Les actualités du 11 janvier 1908
Les autos à voile
Se rappelle-t-on la Maison à vapeur de Jules Verne et l'éléphant mécanique
qui la conduisait ? Cette ingénieuse machine pouvait gravir les côtes, franchir
les fossés sur la terre et flotter sur l'eau, tout en se dirigeant à merveille.
Les automobiles de New-York-Paris vont donner à ce rêve du maître une forme
moins hindoue et plus moderne. Elles rouleront sur la terre ferme, se traîneront
sur la neige, glisseront sur la glace. Elles présenteront, selon la nature de la
route, la figure ordinaire que vous connaissez bien, celle d'un traîneau ou
celle d'une barque à voile. Tel est, du moins, le type singulier qu'aménage, en
ce moment, la maison de Dion-Bouton, sur les indications du commissaire général
de New-York-Paris , M. Bourcier Saint-Chaffray.

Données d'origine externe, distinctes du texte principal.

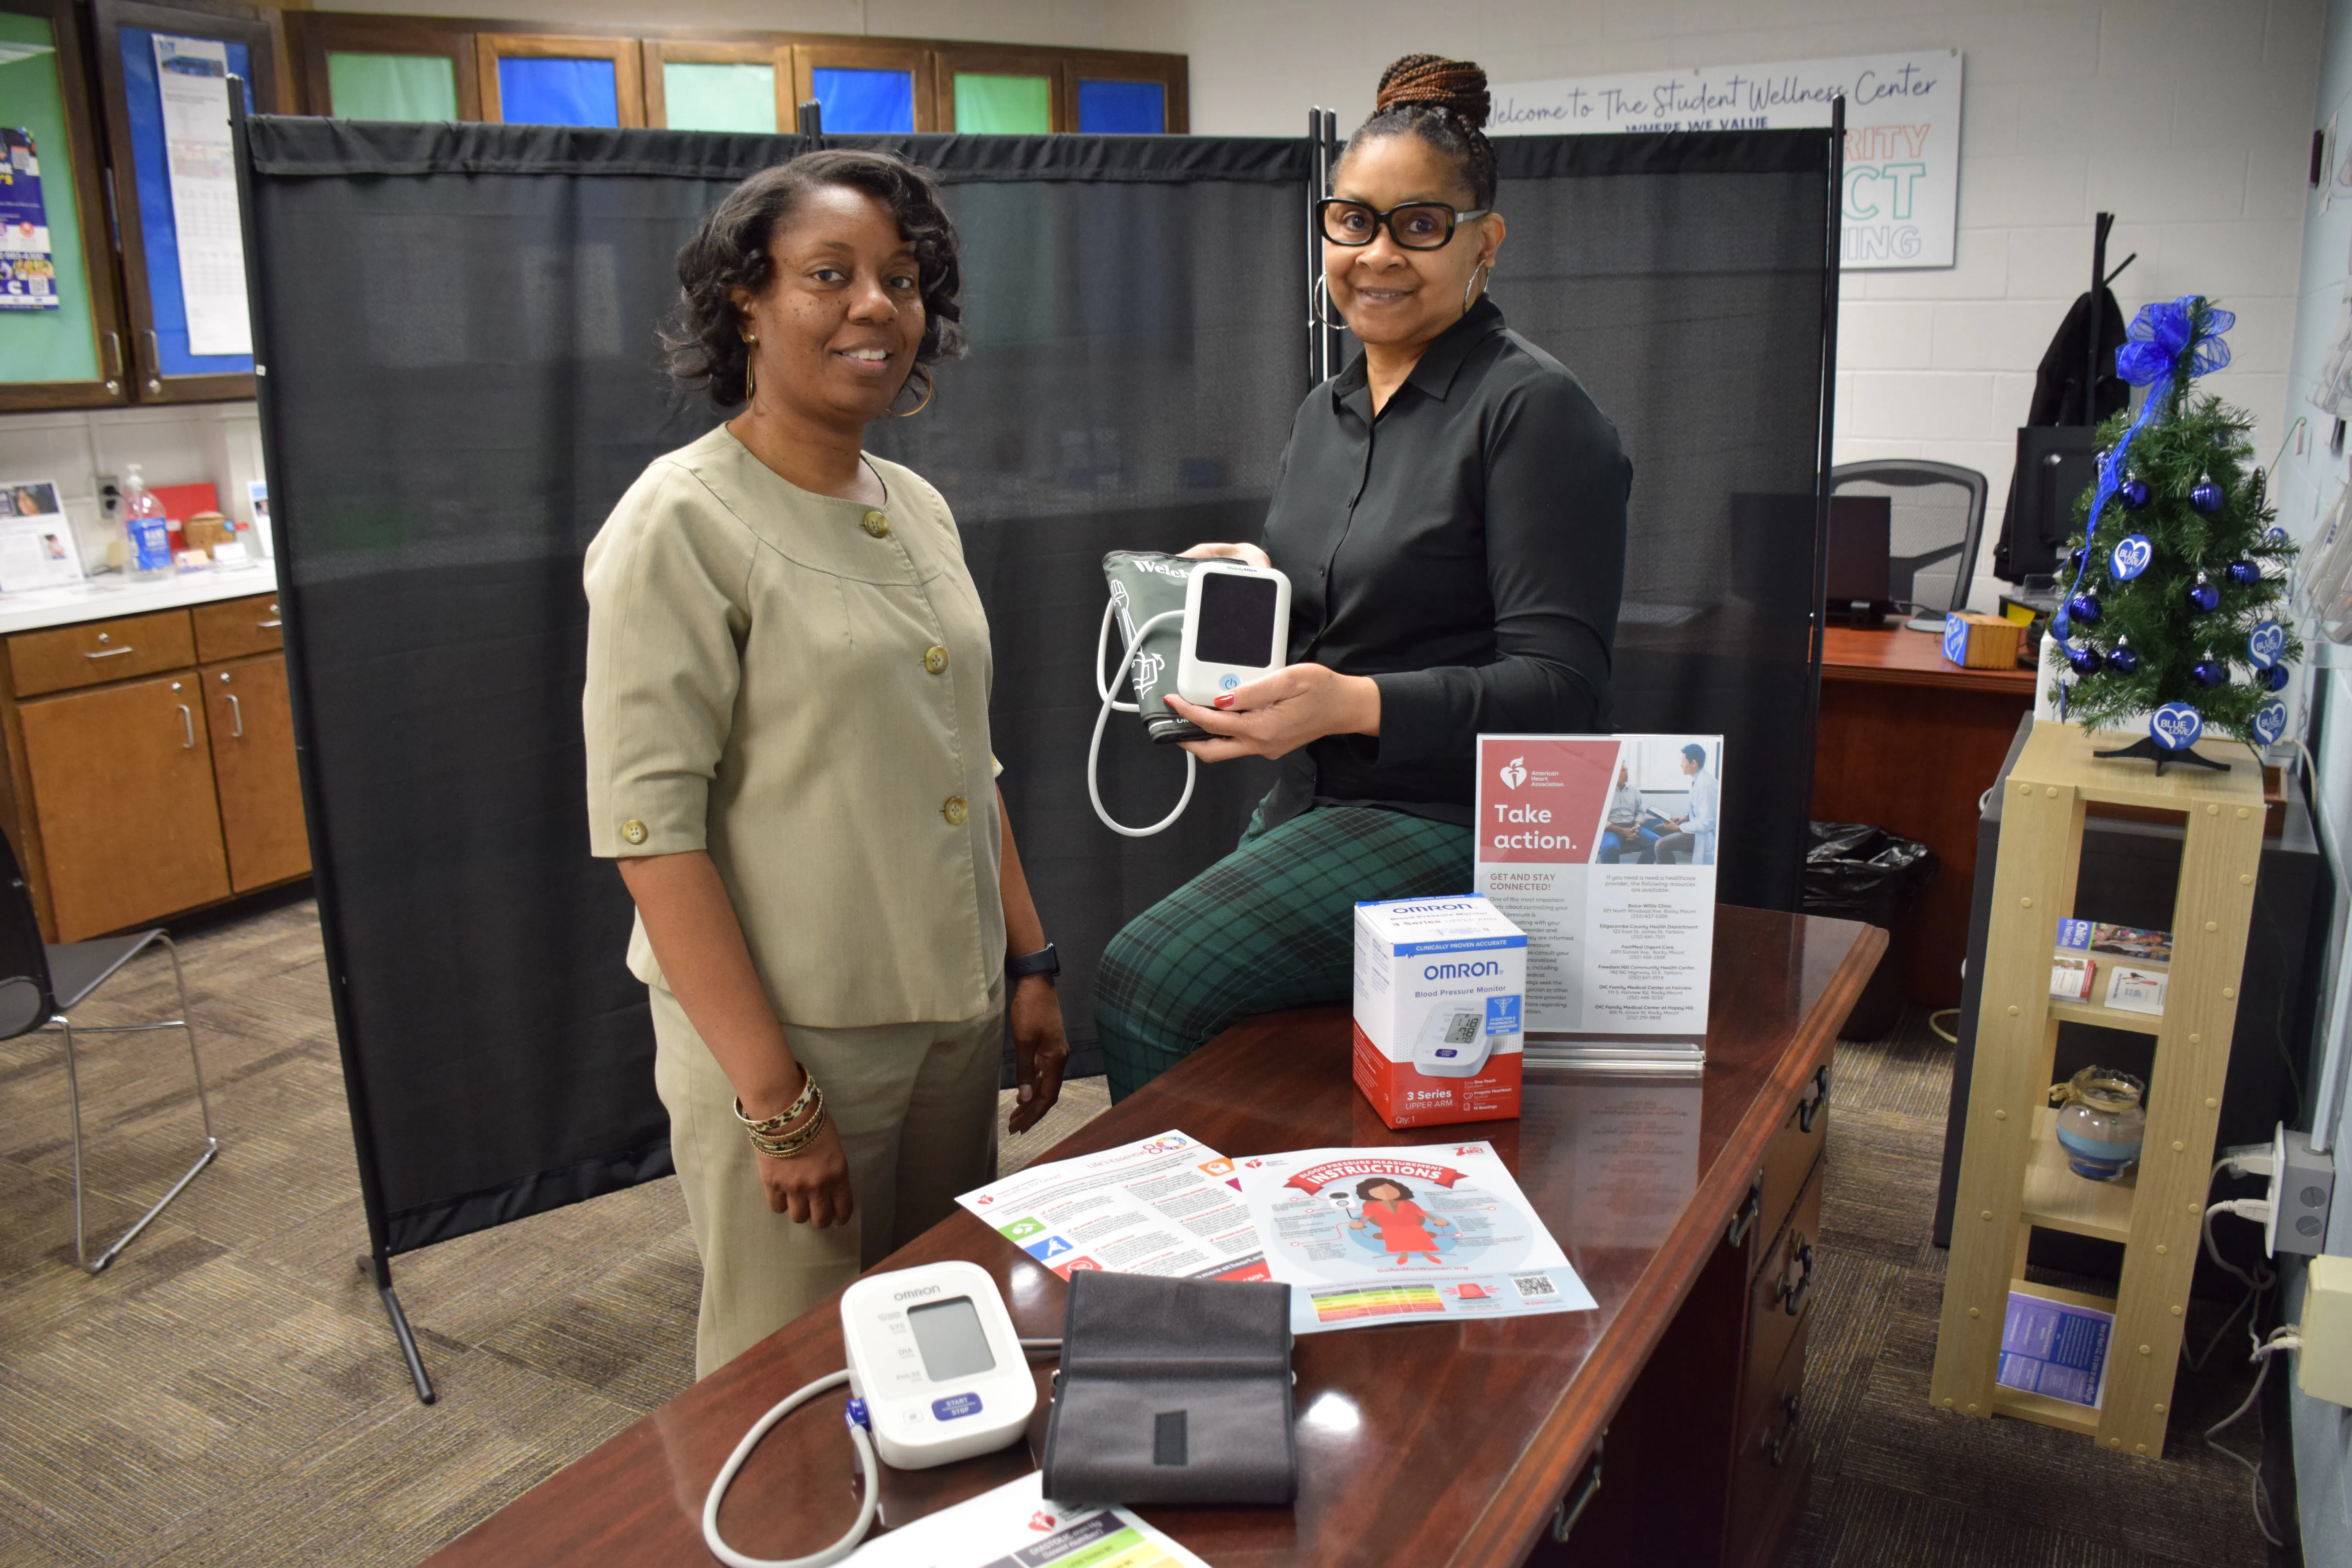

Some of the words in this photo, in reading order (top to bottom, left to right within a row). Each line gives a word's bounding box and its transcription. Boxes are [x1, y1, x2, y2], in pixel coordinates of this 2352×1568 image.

La voiture qu'on va truquer ainsi, comme un accessoire du Chatelet, n'est vieille que d'un année ; mais elle a déjà une glorieuse histoire : elle remporta le prix du Critérium de la Presse. Ceci est d'un bon augure. Admirons en détail chacune de ses transformations. Dès qu'on quittera la terre dure pour rouler sur la glace, les pneumatiques seront enlevés aux roues motrices. On les remplacera par des bandages métalliques hérissés de forts rivets. Quant aux roues d'avant, on les enchâssera dans de longs patins.
Voilà pour l'Alaska et la Sibérie du Nord, où l'on ne trouvera guère que de la glace et de la neige agglomérée. Mais il faut compter sur la neige molle, dans laquelle les roues s'enfonceraient et tourneraient à vide comme dans de l'eau, ou dans du sable. Alors, ajustons à nos jantes des palettes, nous aurons deux roues à aube, et nous avancerons dans la couche blanche, tel le premier bateau de Fulton lui-même.; Mais votre auto va s'enliser, dira-t-on ! Pas du tout, car nous aurons eu le soin d'agrandir sa surface portante, et de répartir sur six mètres carrés ses deux mille kilos de charge. Il suffit de monter l'auto sur raquette comme un joueur de ski: une large claie d'osier tapissera le dessous de la voiture d'un' essieu à l'autre et l'empêchera d'enfoncer.
Nous arrivons au clou des transformations...Quand le vent soufflera .en poupe il serait bien sot de gaspiller de l'essence et de ne pas imiter la sage, parcimonie des marins. A l'avant du radiateur, on dressera un mat de bambou, auquel on attachera, en manière de voile, la tente de l'équipement. Et le petit navire voguera sur la mer blanche. Ah ! les dames tschoutskiss verront d'étranges choses !
Comme les rélais seront longs et que l'essence n'est pas une marchandise courante sous ces latitudes, il faudra se prémunir. La de Dion-Bouton possédera cinq réservoirs, qui, remplis, permettront de rouler pendant 3,500 kilomètres. Par excès de prudence, on attellera à la machine un petit traîneau qui portera une provision supplémentaire du précieux combustible, plus la tente et les provisions. Les quarante-chevaux du moteur auront raison de son poids; d'ailleurs, la glace graisse' admirablement les surfaces.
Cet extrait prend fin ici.